Демко успел все. Добыл где-то даже пушку, которая весело бабахнула, приветствуя торжественный въезд гетмана в Чигирин. Казаки палили из самопалов, люд смеялся и плакал, солнце сияло, небо голубело, слезы застилали мне глаза, может, потому и не увидел ни Матроны, ни пани Раины, зато кинулся ко мне маленький Юрко и, поданный десятком сильных рук ко мне на коня, приник к моему запыленному жупану, а к правому стремени уже прижималась Катря, приговаривая с радостным рыданием:
– Ой, таточко, ой, родненький наш!..
Я плакал перед всем людом, не прятал слез, они текли у меня уже по усам. Жива кровь Хмельницкого, жива, пусть провалится все на свете и пусть содрогнутся все дьяволы в аду!
– Коня для дочери великого гетмана! – крикнул Демко мой верный. Скорее коня!
Ох, милый Демко, самый дорогой мой человек, как же хорошо, что ты возле меня в эту труднейшую и счастливейшую мою минуту! Нет прославленных полководцев, нет великих воинов, и завистников великих тоже нет, а есть этот хлопец с сердцем мягким и преданным – и уже мне словно бы и не надо никого больше, вот только бы дети родные были возле моего сердца натруженного, да еще Тимко чтобы был здесь, да...

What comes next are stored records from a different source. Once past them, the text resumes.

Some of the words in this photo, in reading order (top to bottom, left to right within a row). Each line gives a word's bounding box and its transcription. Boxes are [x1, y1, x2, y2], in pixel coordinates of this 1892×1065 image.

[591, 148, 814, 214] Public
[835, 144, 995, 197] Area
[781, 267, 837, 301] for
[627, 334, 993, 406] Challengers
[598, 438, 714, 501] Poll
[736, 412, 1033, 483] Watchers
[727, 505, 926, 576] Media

Где Матрона? Здесь она или, может... Страшно было подумать, что Демко не застал ее в Чигирине. Но тогда он сказал бы. Может, боится? Но ведь лицо сияющее, никакой встревоженности и озабоченности. Если же она в Чигирине, то почему не встречает? А должна ли встречать – и где именно, и как? Я все передумал, а об этом забыл: весь Чигирин представлялся мне как-то смутно, я не видел его, стояло передо мною тонкое лицо Матронкино, серые глаза под черными бровями, слышался голос ее, единственный на свете, испуганно-манящий: "Нет! Нет! Нет!"

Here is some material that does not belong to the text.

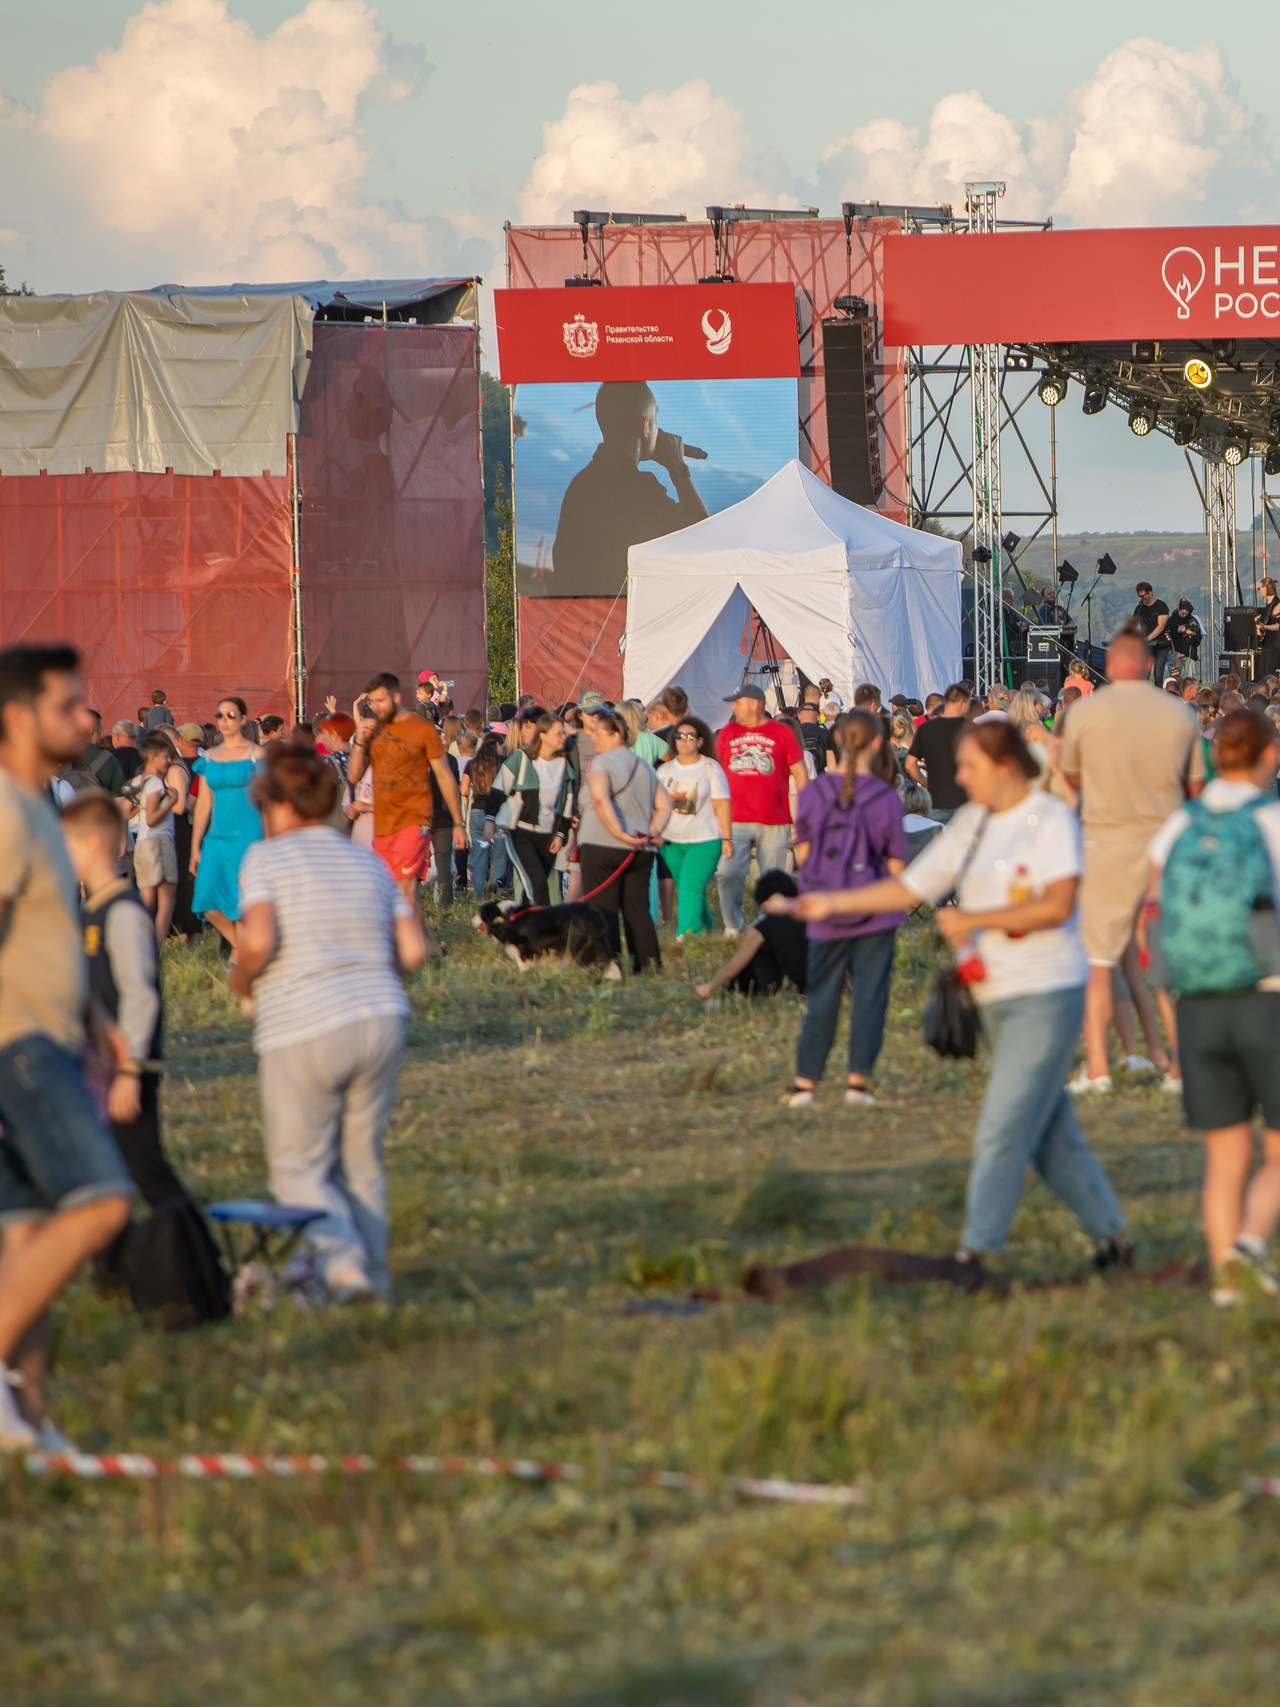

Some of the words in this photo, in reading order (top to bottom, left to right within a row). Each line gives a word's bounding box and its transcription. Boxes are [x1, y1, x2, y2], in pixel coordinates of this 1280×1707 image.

[604, 324, 660, 334] Правительство
[605, 334, 643, 344] Рязанской
[643, 333, 674, 343] области

Я поднимал руку, приветствуя дорогих моих чигиринцев, склонял голову в поклонах, видя знакомые лица, а глаза растревоженно искали только одно лицо, искали и не находили, спросить же у Демка я не решался, да что там – боялся спросить! Спросил о другом, что черным камнем лежало у меня на душе, вызывало ярость при одном лишь воспоминании:
– Подлеца того поймали?
– Успел улизнуть, гетман.
– Что ж это ты так замешкался?
– Да он еще с ясновельможными удрал. Когда коронные из-под Чигирина дали дёру, он со своими драбами за ними – и след простыл. И замок оставил на произвол судьбы, и всё тут. Пань оставил, наверное, побоялся брать. А может, и от них убегал.
– Они – где?
– Как велено было. В твоем доме, пан гетман. Хоть пани Раина охотнее заняла бы дворец самого Конецпольского. Амбитная кобета.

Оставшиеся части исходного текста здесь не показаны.